2.1. Study Sample and Descriptive Statistics

The study included 55 participants, with a predominance of women (80.0%). The mean age was 58.96 ± 12.38 years, with a median of 58 years (IQR = 14). Regarding educational level, the largest group consisted of participants with secondary education (50.9%), followed by those with vocational education (27.3%). Most participants were married (72.7%), and resided in rural areas (32.7%) (Table 1 and Table 2).
The mean duration of symptoms from their onset was 3.96 ± 2.64 years. All participants presented with the cardinal symptom of CTS, supporting the validity of the study sample. The remaining symptom frequencies (numbness 47%, hand muscle weakness 36%, burning sensation 23%) are retained as they reflect the clinical heterogeneity relevant to functional disability interpretation (Table 3, Table 4 and Table 5).
The mean DASH score was 55.37 ± 14.14 points, indicating moderate-to-severe impairment of upper limb function. For regression analysis, DASH scores were categorised as follows: mild-to-moderate dysfunction (DASH ≤ 40, n = 12), severe dysfunction (DASH 41–70, n = 29), and severe disability (DASH > 70, n = 14). These thresholds are consistent with those applied in comparable CTS studies and reflect clinically meaningful gradations of upper limb disability.
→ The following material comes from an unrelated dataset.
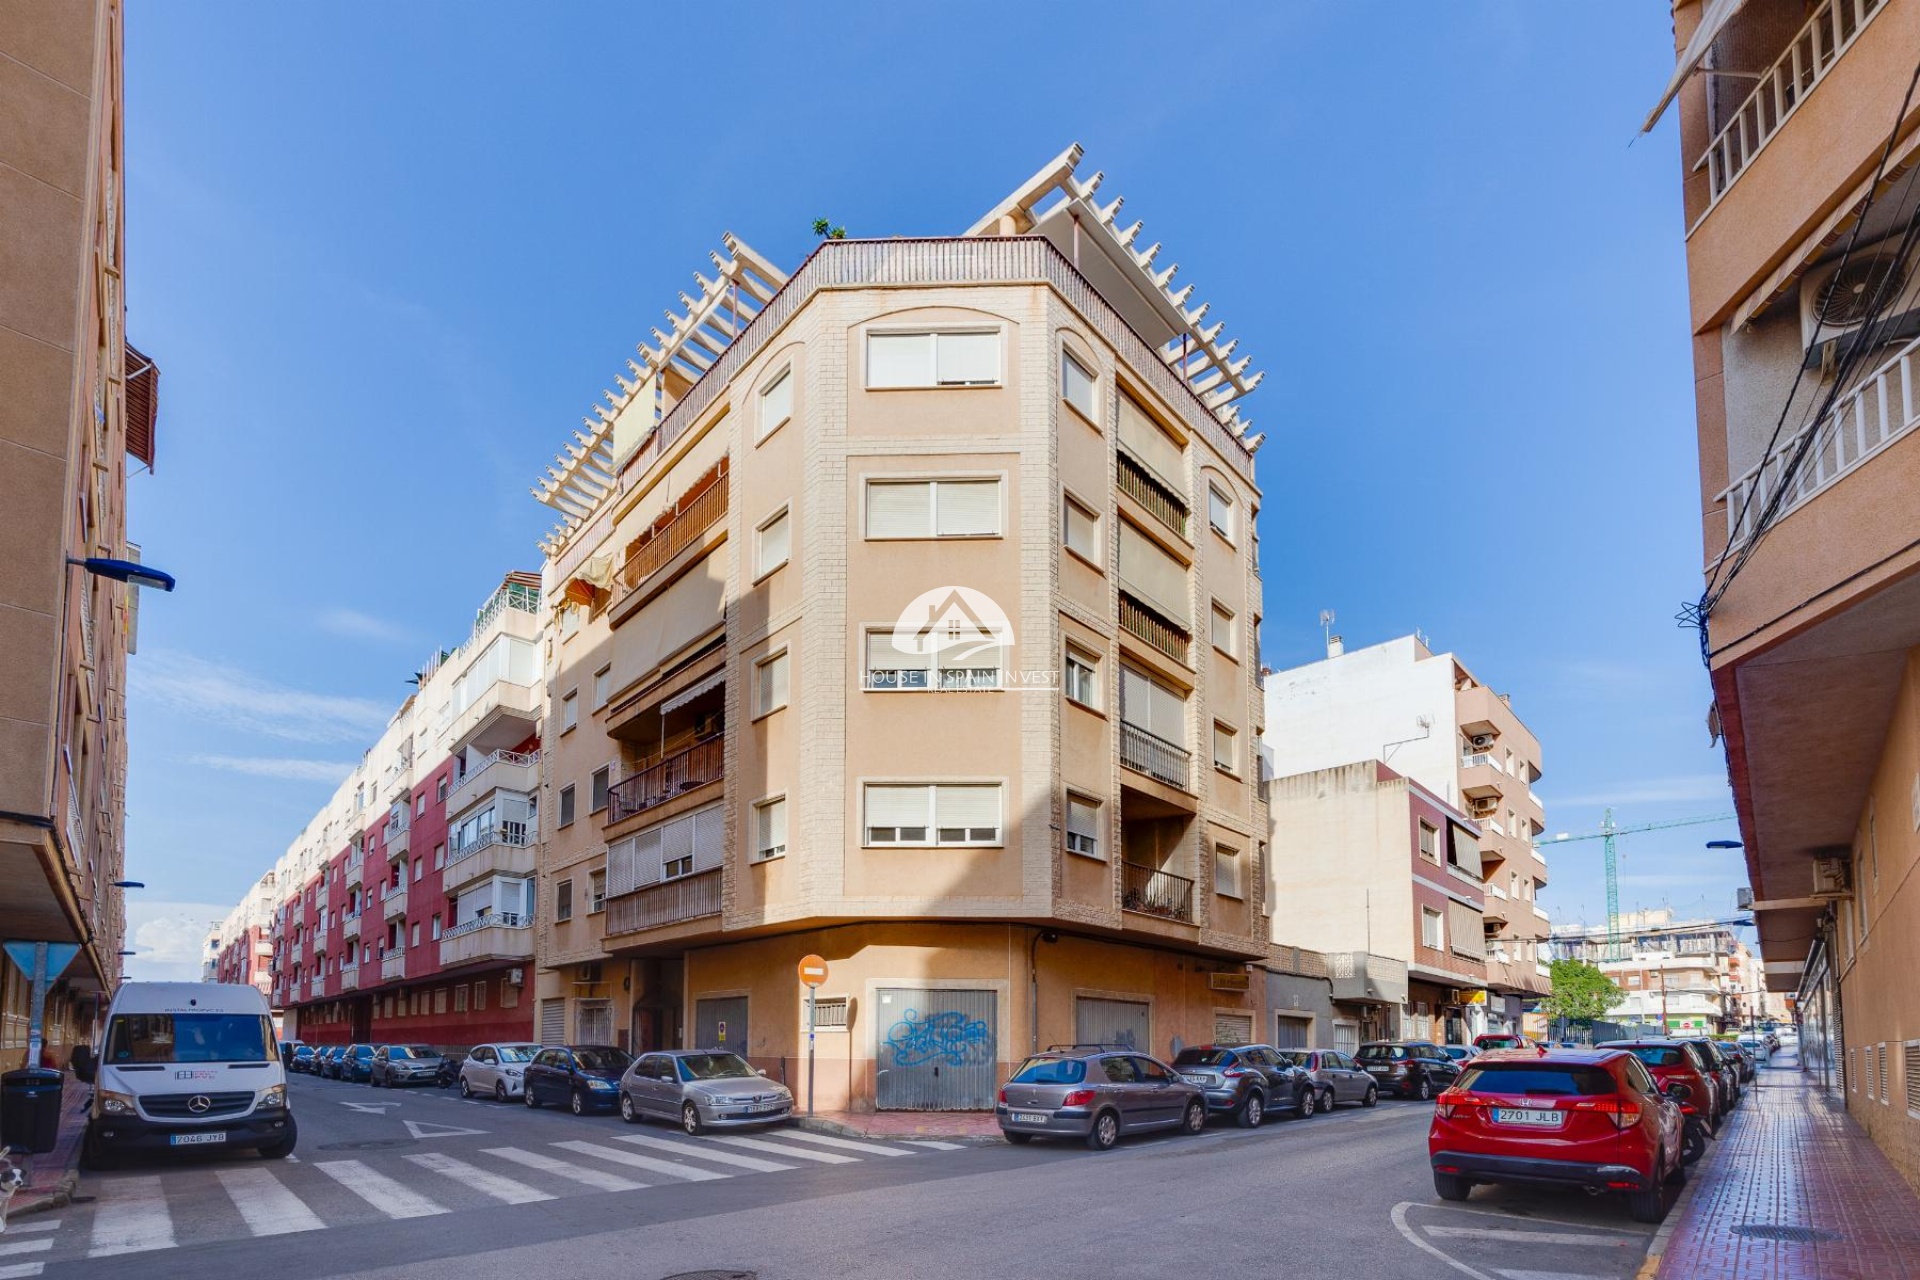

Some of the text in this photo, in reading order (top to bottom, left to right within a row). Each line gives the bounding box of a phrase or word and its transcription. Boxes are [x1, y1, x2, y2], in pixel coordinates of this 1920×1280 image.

2.2. Distributional Properties and Data Transformation

Prior to regression analysis, normality of cytokine concentrations was assessed using the Shapiro–Wilk test. All six mediators exhibited significant deviations from normality (all p < 0.05). Consequently, concentrations were subjected to Box–Cox transformation to stabilise variance and approximate normality, as described in the Section 4. Transformed values were subsequently used in all inferential analyses.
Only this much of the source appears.